Erbaş: Her Müslüman, Peygamberimizin söz ve fiillerini hayatının merkezine almalıdır

Diyanet İşleri Başkanı Prof. Dr. Ali Erbaş, Mevlid-i Nebi Yılı kapsamında yaptığı açıklamada, her Müslümanın hayatının her alanında Hazreti Muhammed’in (Sallallâhu Aleyhi ve Sellem) örnekliğini esas alması gerektiğini vurguladı.
Diyanet İşleri Başkanlığı tarafından, Hazreti Peygamber’in (Sallallâhu Aleyhi ve Sellem) doğumu vesilesiyle düzenlenen Mevlid-i Nebi Haftası Tanıtım Toplantısı, Diyanet İşleri Başkanı Prof. Dr. Ali Erbaş’ın katılımıyla 15 Temmuz Milli İrade Şehit Ali Alıtkan Konferans Salonu’nda gerçekleştirildi.
“İnsani erdemlerin örselendiği bir zamanı yaşıyoruz”
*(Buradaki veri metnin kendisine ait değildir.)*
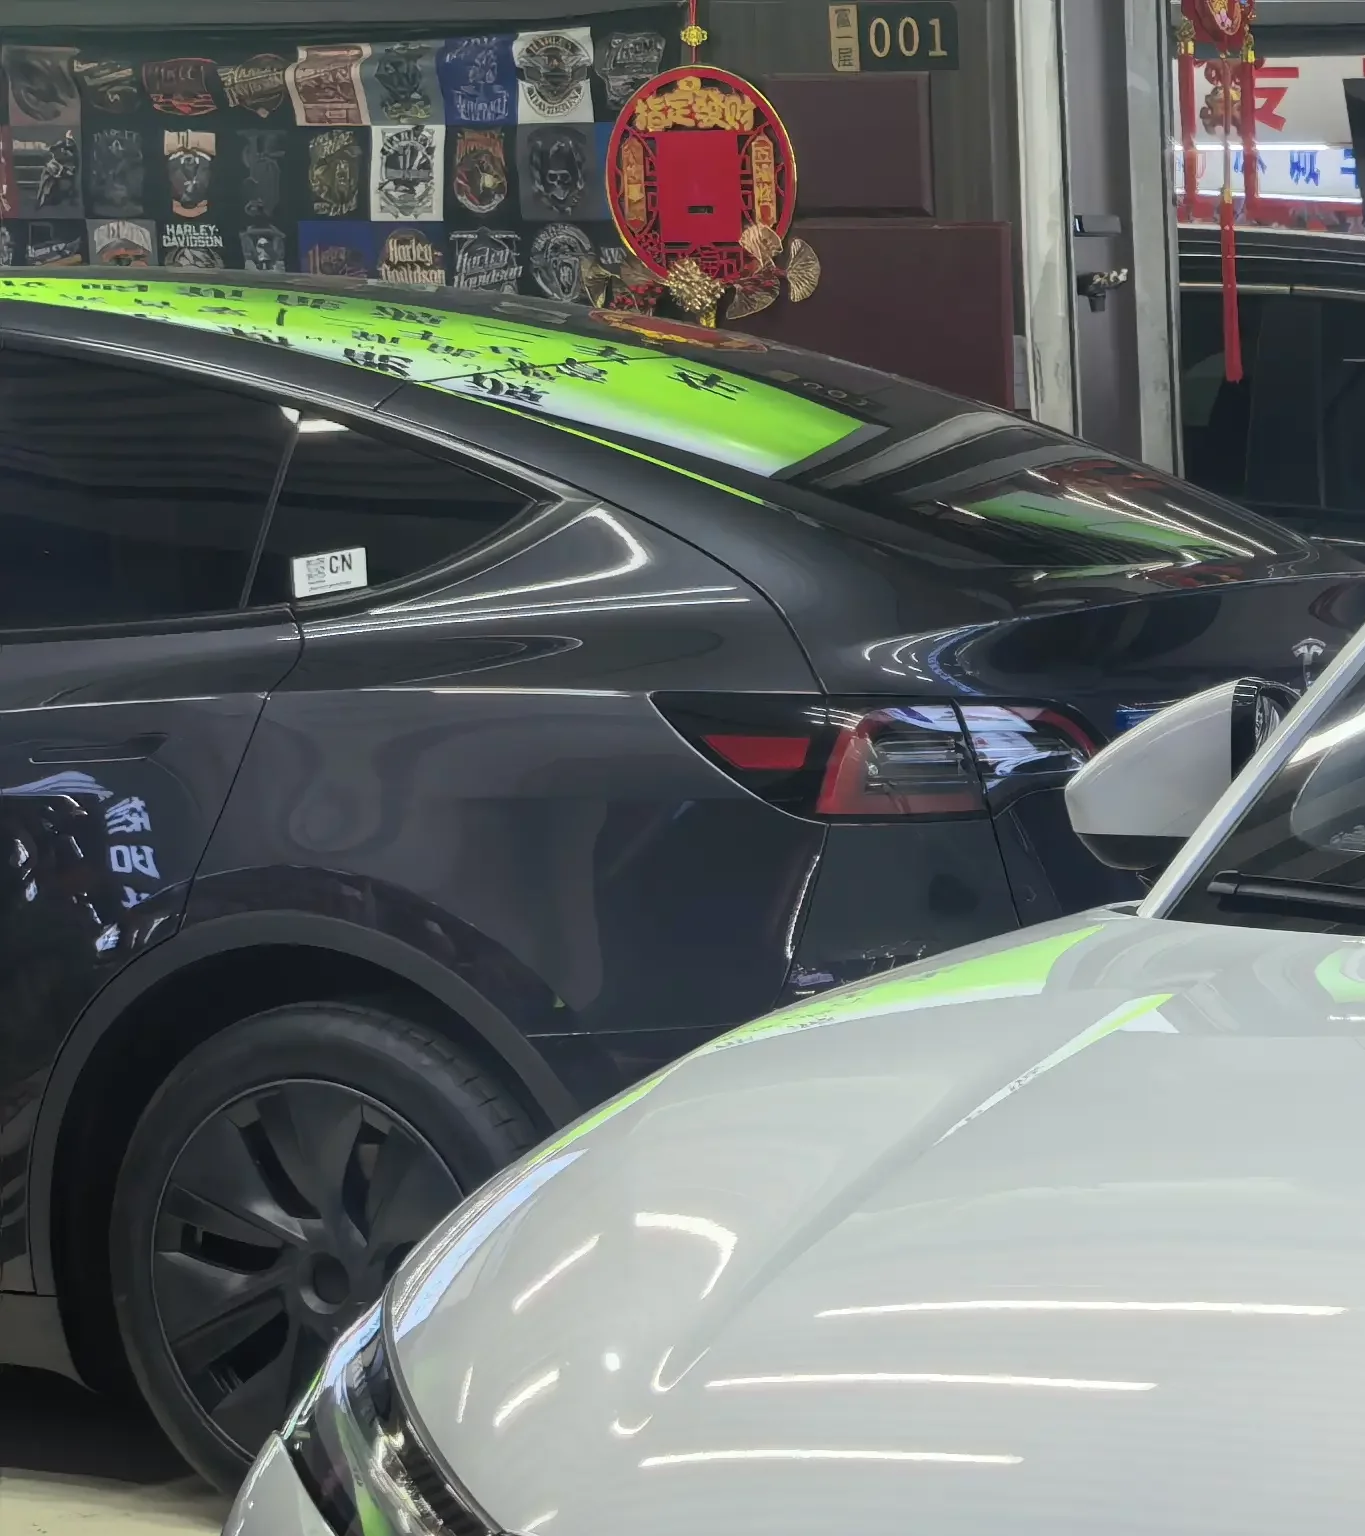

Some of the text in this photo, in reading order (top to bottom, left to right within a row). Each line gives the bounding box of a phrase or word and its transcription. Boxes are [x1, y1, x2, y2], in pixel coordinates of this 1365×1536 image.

[869, 16, 948, 58] 001
[162, 235, 224, 248] DAVIDSON
[328, 551, 353, 574] CN
Burada konuşmasında, dünyanın pek çok yerinde vicdanları sızlatan trajediler, işgaller, savaşlar ve katliamlar yaşandığını dile getiren Erbaş, “Bugün insani erdemlerin, değerlerin ve maneviyatın alabildiğine örselendiği bir zamanı yaşıyoruz. Ahlaki sorunların insanlığı çepeçevre kuşatarak hayatı modern cahiliyeye sürüklediği bir döneme şahitlik ediyoruz. Bu süreç, maalesef bütün insanlığı olumsuz etkilemektedir. Her alanda bir anlam ve değer erozyonu yaşanmaktadır.” ifadelerini kullandı.
“Müslümanlar, toplumsal vicdanı Rasulüllah’ın örnekliğinde inşa etmek mecburiyetindedirler”
Erbaş, “Ben Müslümanım” diyen herkesin Hazreti Muhammed (Sallallâhu Aleyhi ve Sellem)’in ahlakını, merhametle vücut bulan adaletini, liyakatle ayakta duran yönetim anlayışını ve insana insan olduğu için değer veren yaklaşımını, hayatının vazgeçilmezi kılmak zorunda olduğunu belirterek, “Her Müslüman, Allah Resulünün (Sallallâhu Aleyhi ve Sellem) söz, fiil ve tavırlarını, aile hayatından toplumsal ilişkilerine, akrabalık bağlarından komşuluk hukukuna, iş ortamından çalışma düzenine, kısacası her zaman ve her yerde temel hedef ve odak noktası yapmak durumundadır. Müslümanlar, sadece bireysel ahlakı değil; toplumsal vicdanı da Rasulüllah’ın (Sallallâhu Aleyhi ve Sellem) örnekliğinde inşa etmek mecburiyetindedir. Zira O’nun hayatı, insanın varoluş gayesinin pratiğe dökülmüş, kemale ermiş halidir.” şeklinde konuştu.
“Amacımız, veladetinin 1500’üncü yıldönümünde, Peygamber Efendimizin rehberliğini yeniden hatırlatmak”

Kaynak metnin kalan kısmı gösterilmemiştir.